13.5.20

Bowie dará esta tarde un paseo por la Vía Verde

Pandémico y confinado, escribo más. No sabe uno la de mecanismos de defensa que tiene hasta que la realidad se nos encara. Entonces se recurre a lo que ni sabe que tiene. He escrito lujuriosa, voluptuosa y desconsoladamente desde que tengo uso de razón, aunque a la hora de escribir a la razón no se la invite, no es necesario que acuda. Escribir es un desahogo, escribir es un refugio, escribir es una invitación a desquiciarse a sabiendas.
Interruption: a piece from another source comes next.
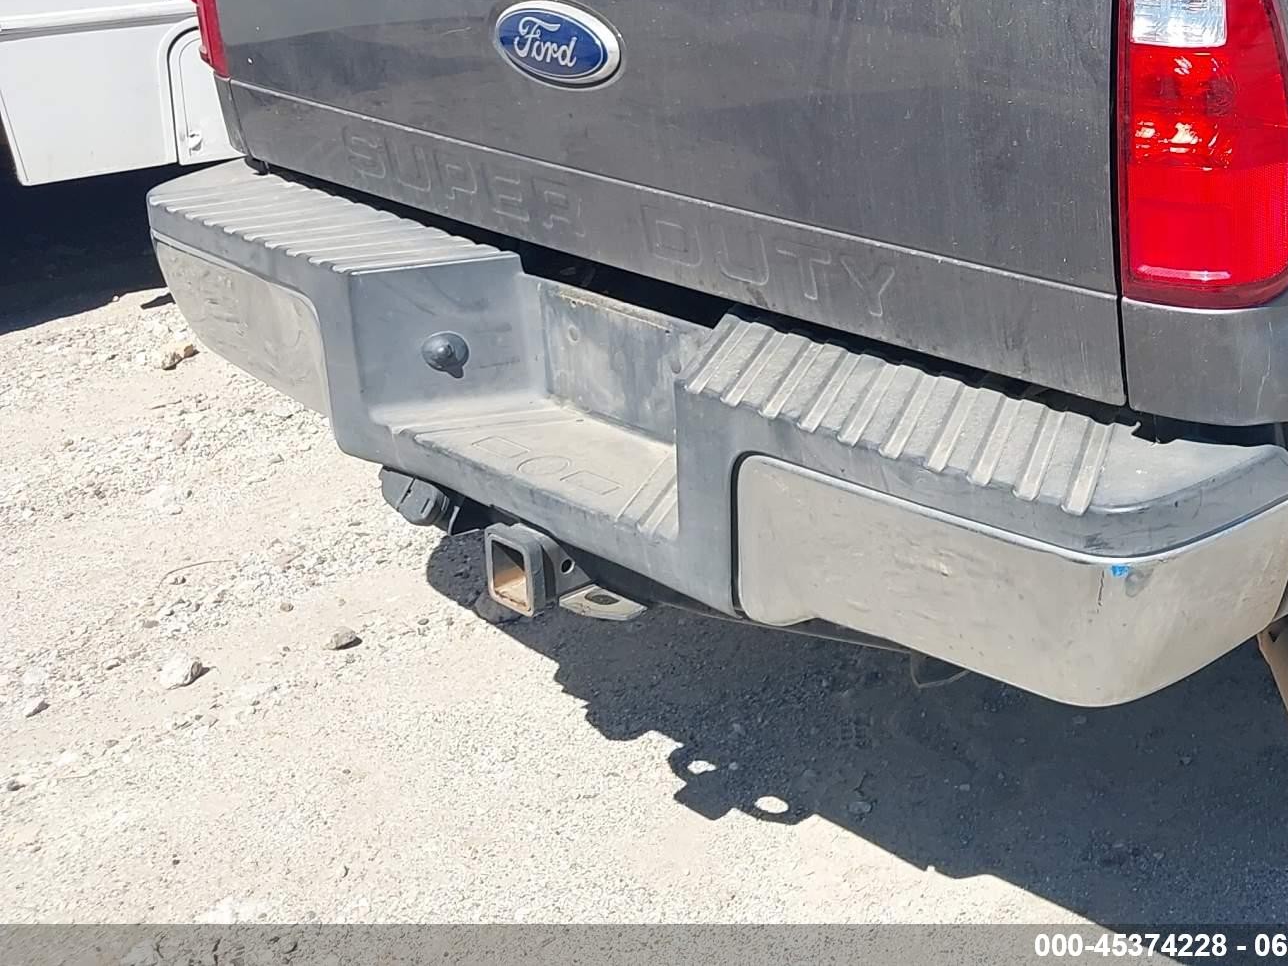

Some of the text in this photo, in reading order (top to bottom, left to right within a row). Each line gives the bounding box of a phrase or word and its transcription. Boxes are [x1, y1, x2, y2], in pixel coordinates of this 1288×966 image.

[513, 16, 578, 68] Ford
[343, 130, 896, 318] SUPER DUTY
Porque quien no escribe acaba desquiciado, quién escapa de esa enfermedad, pero al menos los obsesos de la escritura sabemos las dimensiones de la tragedia, las miramos de lejos y, a pesar de las trabas y de los peligros, asomamos el hocico, acudimos a la llamada del abismo. Lo miramos y nos mira, como dejó escrito Nietzsche. En esta época de desvarío, intoxicados de información, recluidos y paradójicamente creativos, hay que tener un asidero a mano, uno válido cuando el frío te sube la espalda y hace casa en la cabeza. Qué complicada es la cabeza. Cree uno que la tiene a raya, que sabe cómo domeñarla, pero va antojadizamente a lo suyo, como si no hubiera propiedad alguna sobre ella. Al final va a ser verdad que existe eso de la nueva normalidad, da igual que el acuño léxico sea ridículo. La normalidad ha terminado el trabajo que le encomendamos. Lo de ahora es otra cosa. Nunca lo de ahora fue más otra cosa que ahora, perdonadme el retruécano. David Bowie lleva conmigo toda la mañana. La época nocivia. La glam. La lisérgica. La disco. La experimental. Si Bowie anduviera todavía por aquí, habría hecho un disco absurdo. Uno sin pies ni cabeza. Sonidos atropellados. Experimentación salvaje. Qué buen vasallo si hubiera buen señor. Bowie es el sirviente complaciente. Esta tarde, cuando salgo a pasear, no sabré reconocerlo. En realidad, siempre anduvo enmascarándose y desenmascarándose, así que esto de emboscarse uno tras un trozo de trapo no es nuevo. Él lo hacía majestuosamente. Paseará la Vía Verde, un sendero que discurre por la periferia de mi pueblo. No hay día en que me tope con decenas de caminantes. Algunas veces he creído reconocer a alguno, pero la gorra de visera, las gafas de sol y la mascarilla ha malogrado el intento de darle un nombre. Aún así, a pesar de ese anonimato sobrevenido, he agradecido que no sepa mucho de ellos. Pasan a mi lado sin que yo los ubique. No son Julia o Pedro o Andrés o Luis. Lo malo son los que va a cara descubierta, como si la guerra hubiese acabado.